▸ **PROVIDED DATA**
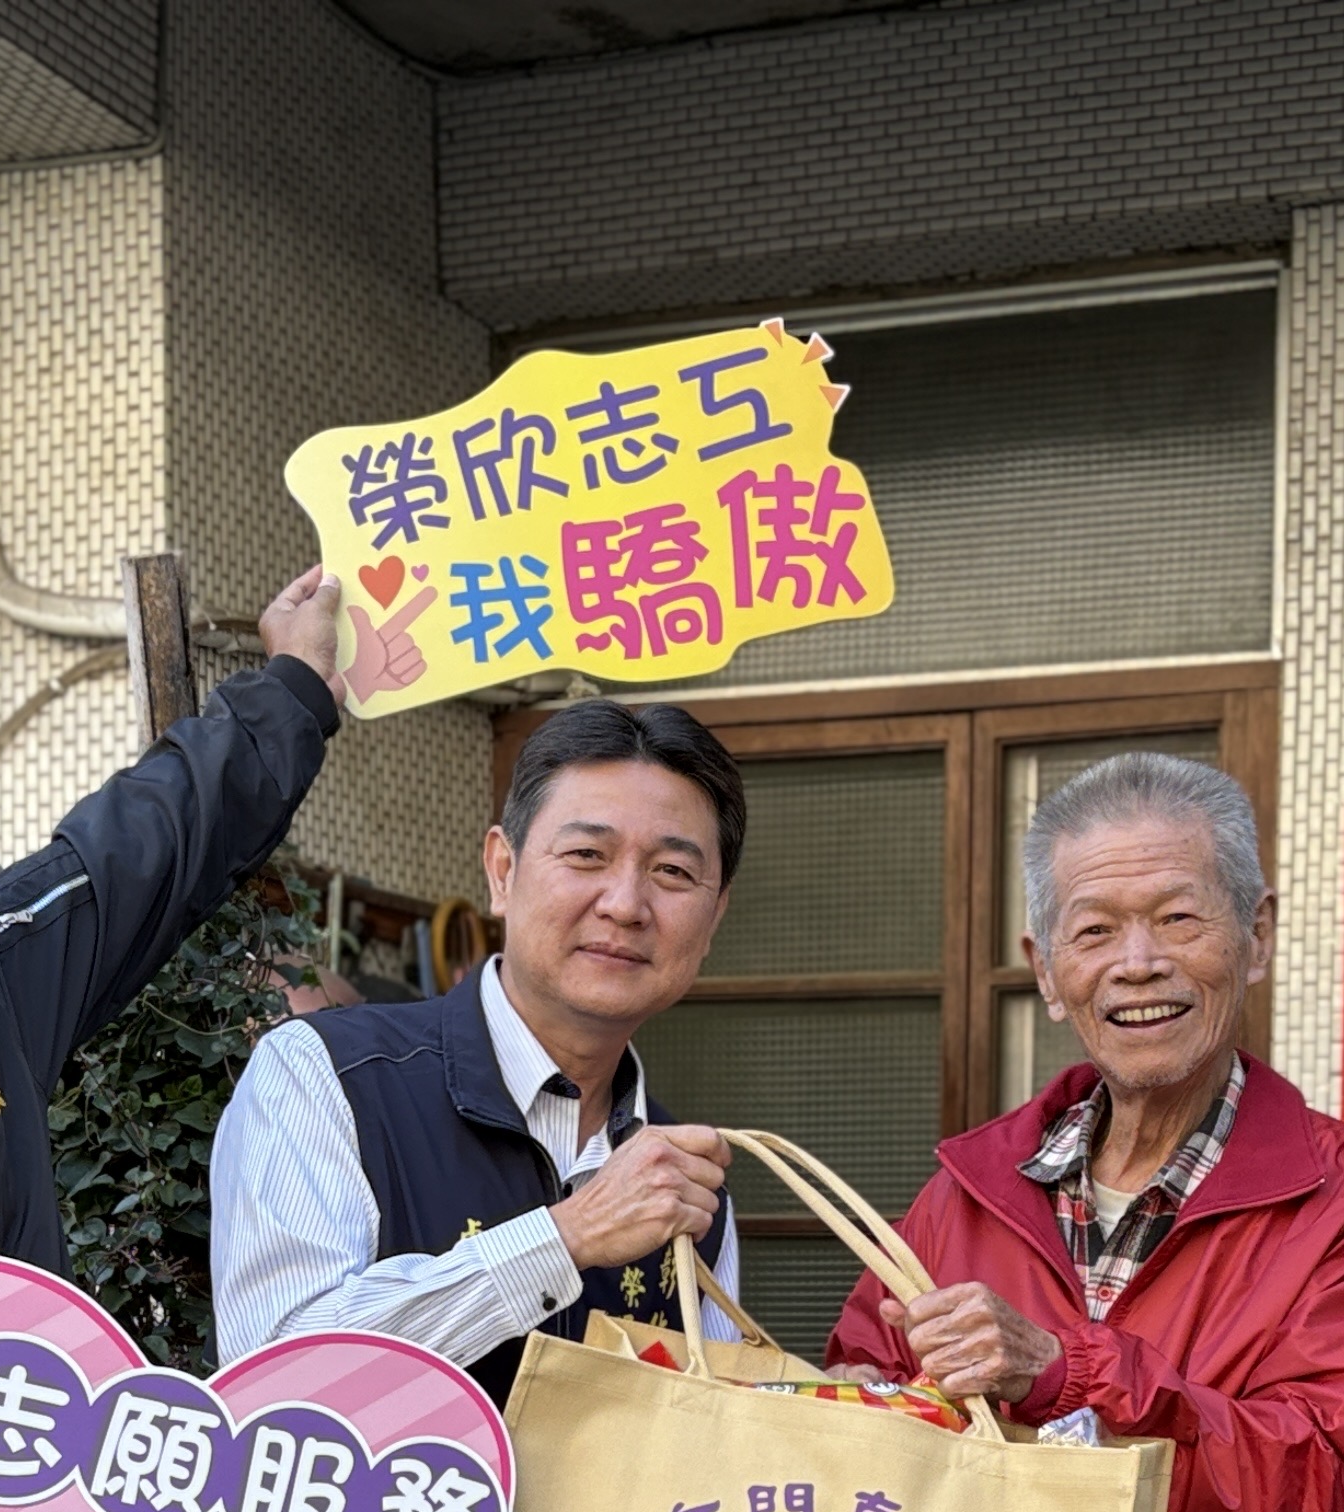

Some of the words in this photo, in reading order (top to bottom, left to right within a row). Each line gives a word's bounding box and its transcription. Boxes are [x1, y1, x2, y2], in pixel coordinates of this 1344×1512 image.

[341, 347, 793, 551] 榮欣志工
[449, 463, 866, 663] 我驕傲
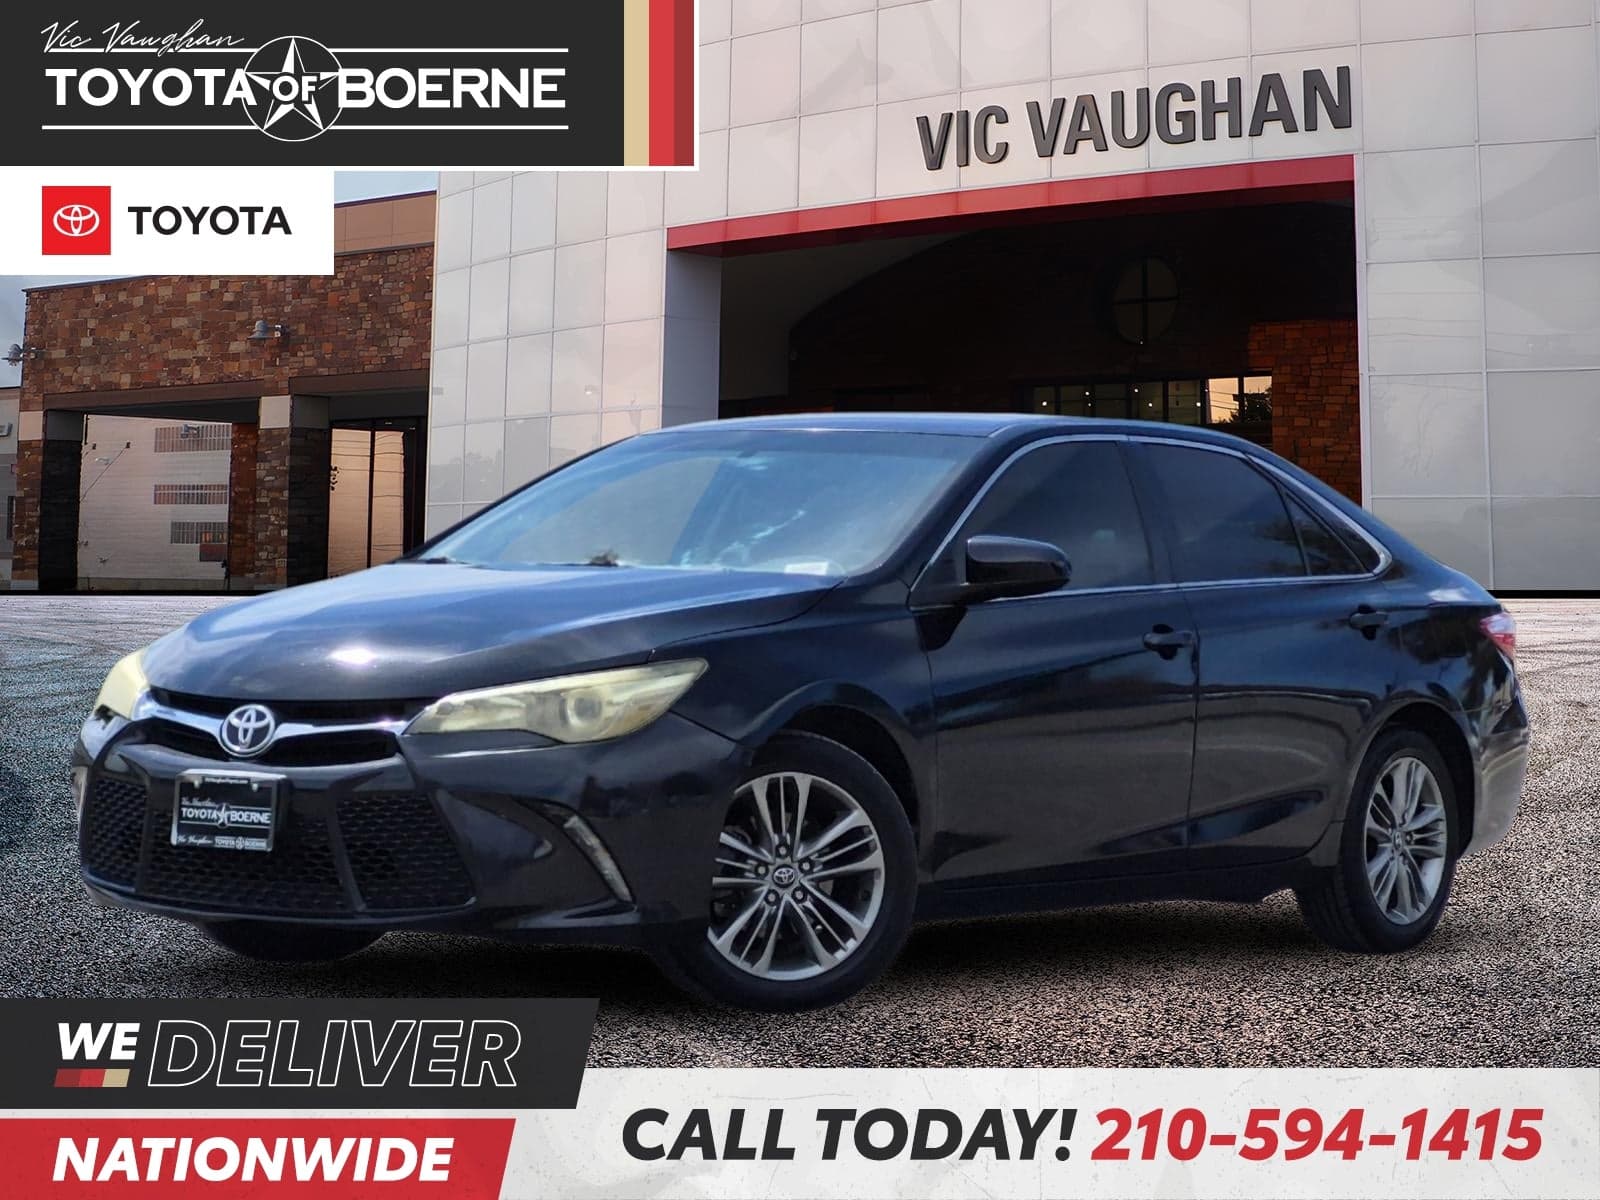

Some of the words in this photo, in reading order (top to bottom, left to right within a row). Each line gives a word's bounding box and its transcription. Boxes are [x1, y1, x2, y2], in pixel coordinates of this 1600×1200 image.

[916, 104, 1009, 171] VIC
[1025, 66, 1352, 158] VAUGHAN
[181, 808, 217, 820] TOYOTA
[231, 811, 271, 823] BOERNE
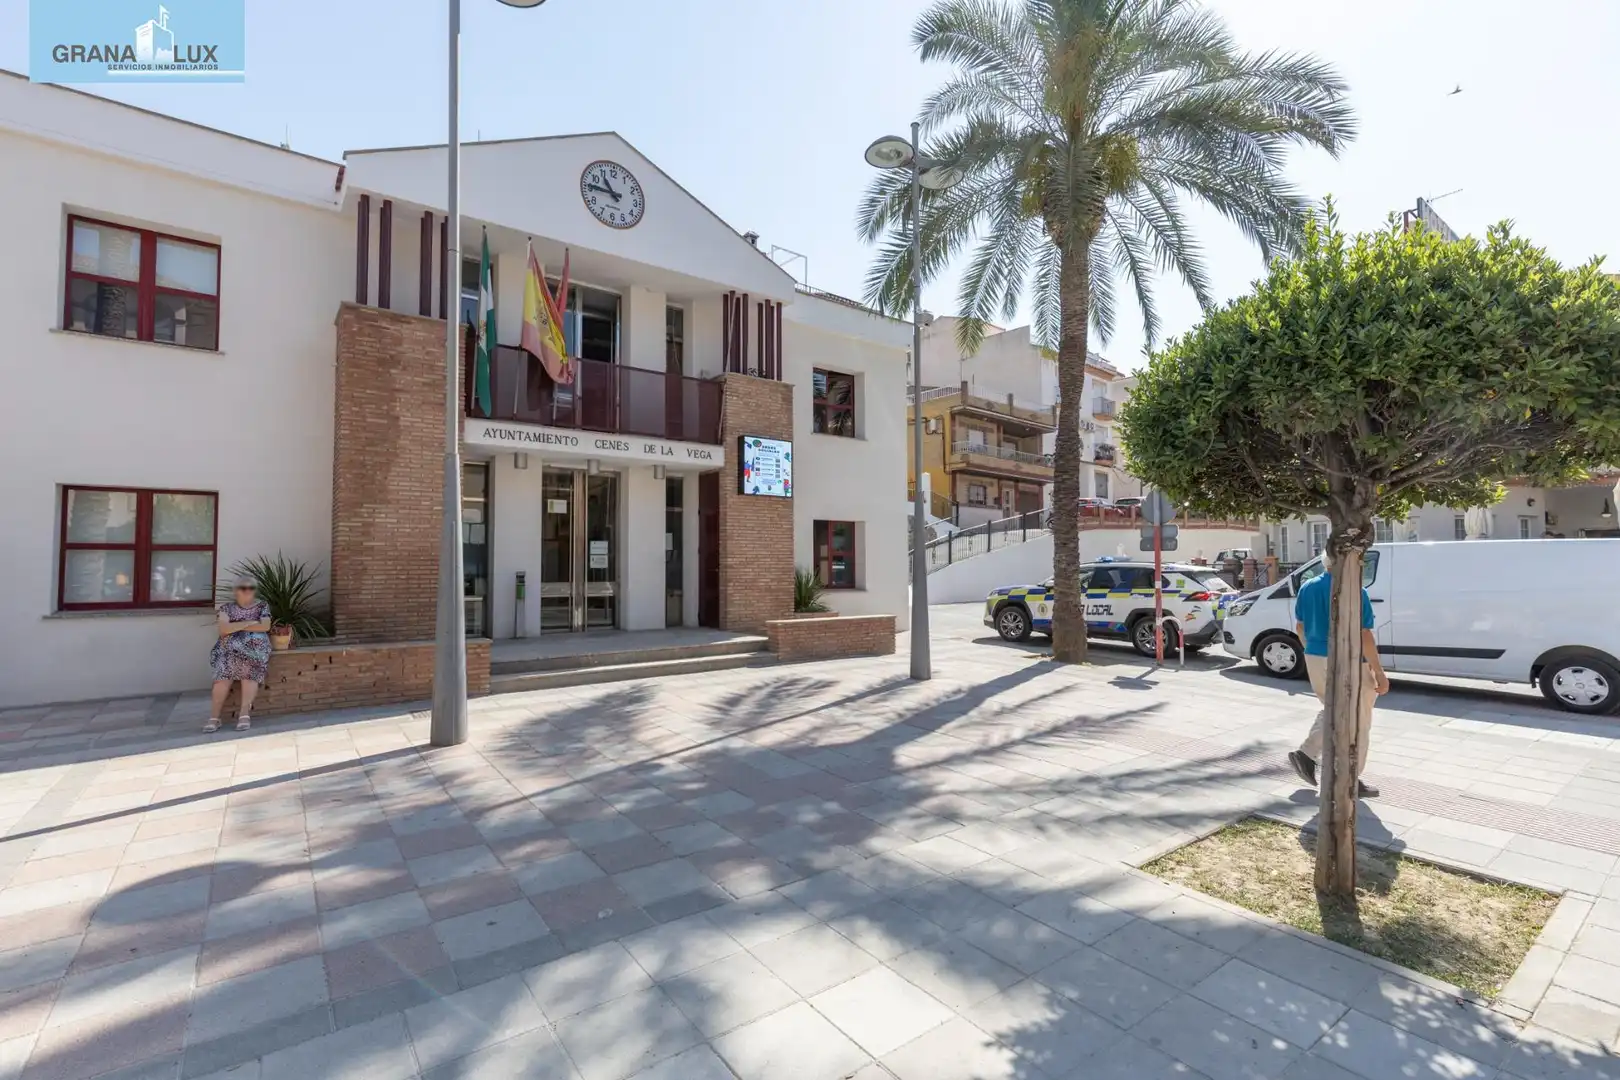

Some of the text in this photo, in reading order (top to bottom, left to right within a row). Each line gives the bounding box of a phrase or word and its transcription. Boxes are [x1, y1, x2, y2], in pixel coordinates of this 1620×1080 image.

▸ **PROBLEM TO WORK ON**
It would help to have the listing above repeated exactly, with all images removed.

▸ **RESPONSE BOX**
Some of the words in this photo, in reading order (top to bottom, left to right within a row). Each line gives a word's bounding box and its transcription. Boxes are [x1, y1, x2, y2], in pixel coordinates of this 1344×1512 image.

[341, 347, 793, 551] 榮欣志工
[449, 463, 866, 663] 我驕傲

Some of the words in this photo, in reading order (top to bottom, left to right within a row). Each line gives a word's bounding box and its transcription. Boxes are [x1, y1, x2, y2], in pixel coordinates of this 1600×1200 image.

[916, 104, 1009, 171] VIC
[1025, 66, 1352, 158] VAUGHAN
[181, 808, 217, 820] TOYOTA
[231, 811, 271, 823] BOERNE

Some of the text in this photo, in reading order (top to bottom, left to right within a row). Each line gives the bounding box of a phrase or word and its transcription. Boxes are [x1, y1, x2, y2], in pixel coordinates of this 1620×1080 image.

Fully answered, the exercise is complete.